Treasurer Jim Chalmers has used this week’s Federal Budget to lay out a vision for Australia to become a renewable energy superpower, with investments in the people and technology needed to make that happen.
“Australia’s biggest opportunity for growth and prosperity is the global shift to clean energy,” Chalmers said. “By acting now, our resources, our researchers and our regions can help power the world.”
To help seize this opportunity, the Budget allocates $4 billion to renewable energy, taking total investment to more than $40 billion, as well as significant investments in boosting the skilled workforces needed to design and build our future infrastructure.
Engineers Australia CEO Romilly Madew AO HonFIEAust welcomed the Budget’s focus on developing engineering skills locally by boosting STEM’s profile in Australia’s education system.
“It is pleasing to see the Government’s commitment to skills and increasing the number of women in male-dominated industries. The defence, economic and climate challenges facing the nation … will require an engineering workforce equipped with the complex skills to deliver outcomes,” she said.

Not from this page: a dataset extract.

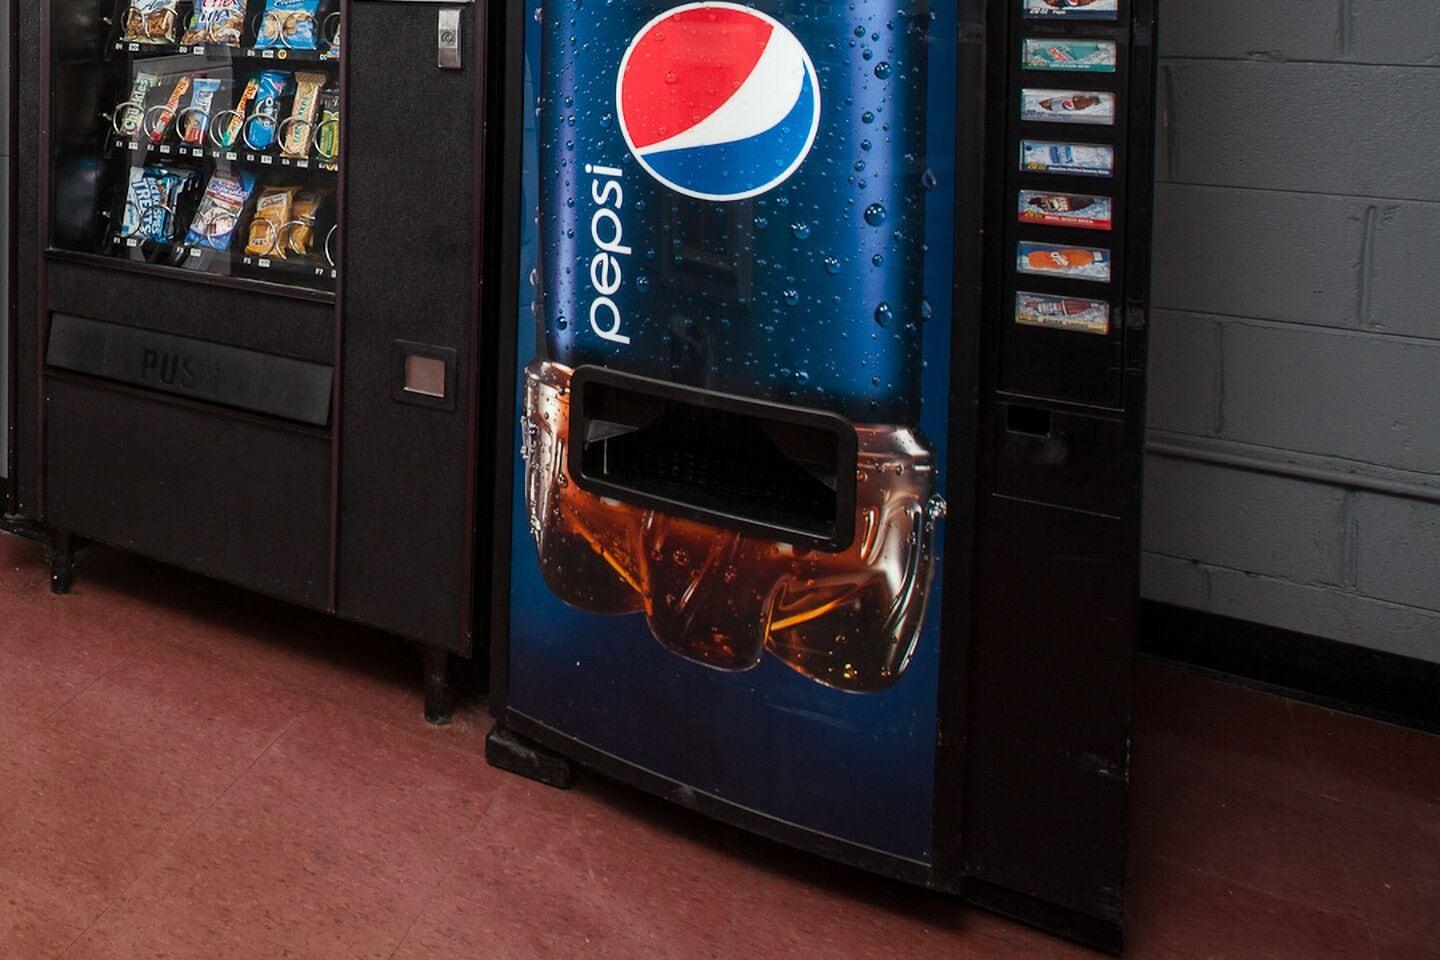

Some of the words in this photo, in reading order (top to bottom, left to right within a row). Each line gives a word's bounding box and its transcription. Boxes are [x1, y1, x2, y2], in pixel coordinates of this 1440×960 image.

[123, 80, 149, 130] Chukles
[131, 178, 153, 239] TREATS
[585, 164, 632, 345] pepsi
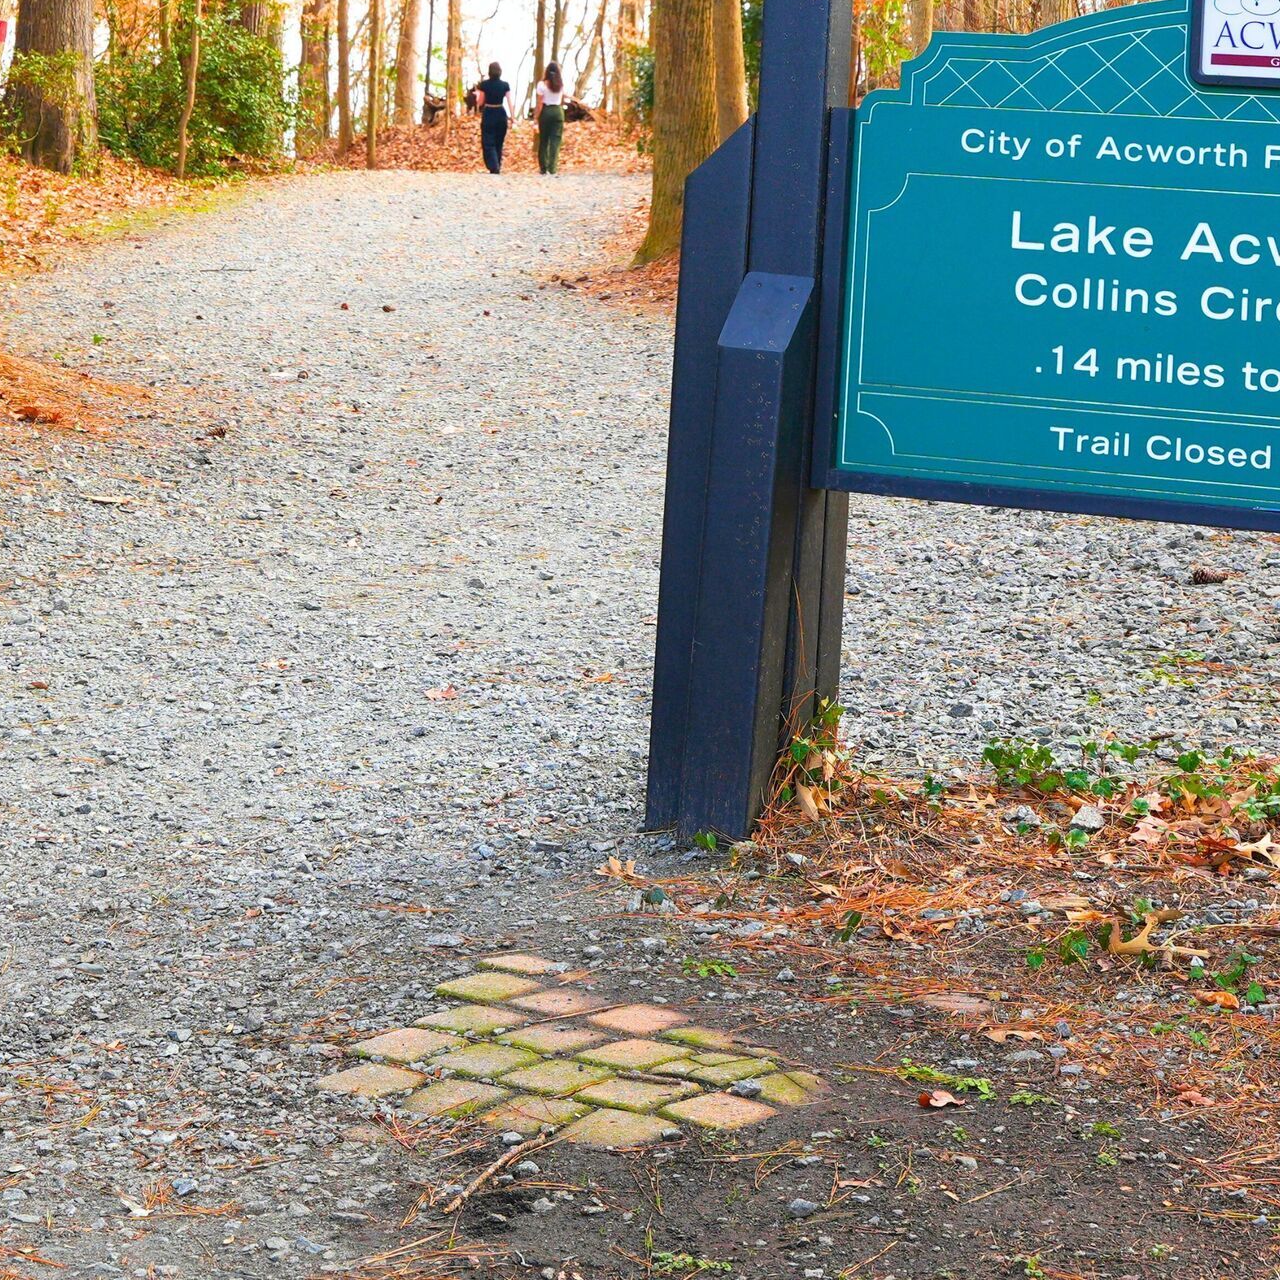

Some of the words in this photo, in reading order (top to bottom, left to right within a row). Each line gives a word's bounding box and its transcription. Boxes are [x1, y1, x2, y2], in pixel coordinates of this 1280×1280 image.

Madew also praised flagged reforms to Australia’s skilled migration program to boost the number of skilled migrant engineers arriving.
“Due to significant challenges in the supply of domestically trained engineers, Australia’s migration program will continue to be a significant contributor to Australia’s engineering capability making investment in reforming the program critical.”
A centrepiece of the Budget’s investments in renewable energy is the $2 billion Hydrogen Headstart program, aimed at pushing Australia to be a world leader in producing and exporting hydrogen power by bridging the commercial gap for early‑stage projects.
“Hydrogen power means Wollongong, Gladstone and Whyalla can make and export everything from renewable energy to green steel,” Chalmers said.
“Seizing these kinds of industrial and economic opportunities will be the biggest driver and determinant of our future prosperity.”
Other clean energy measures include:
- The creation of the Net Zero Authority
- A Capacity Investment Scheme aimed at unlocking billions in investment in renewable energy projects along the east coast
- The establishment of a Powering Australia Industry Growth Centre to support businesses looking to manufacture, commercialise and adopt renewable technologies
- A Clean Energy Capacity Study to evaluate Australia’s workforce needs and plan for the skills needed to drive the clean energy transformation.
- $400 million to support the growth of new clean energy industries in regional areas (and decarbonise existing industries)
“These strategic investments will work in partnership: abundant, affordable renewable energy powering new jobs and new industry in our regions and suburbs,” Chalmers said.
Madew said the engineering workforce was key to this becoming a reality.
“The clean energy sector is experiencing rapid growth and is projected to accelerate,” she said.
“With a shortage of engineers and growing demand, it will be important to retain existing engineers.
“Given the high skill base of the fossil fuel workforce, mapping their training needs will support an equitable transition and play a role in addressing skill shortages.“
The Budget also flags an independent strategic review of the Infrastructure Investment Program, with a stated goal of “ensuring the $120 billion pipeline over 10 years is fit for purpose and the Government’s investment is focused on projects which improve long-term productivity, supply chains and economic growth in our cities and regions”.
Madew said this review was an opportunity to target investment to ensure the best value for money is achieved.
“This is critical to helping ensure spending doesn’t further fuel current economic challenges,” she said.
“Australia’s construction sector is already at breaking point, rising materials costs and labour shortages have caused budgets to blow out and project slippage. We hope this Budget and review will give due consideration to changing consumer behaviour and economic priorities.”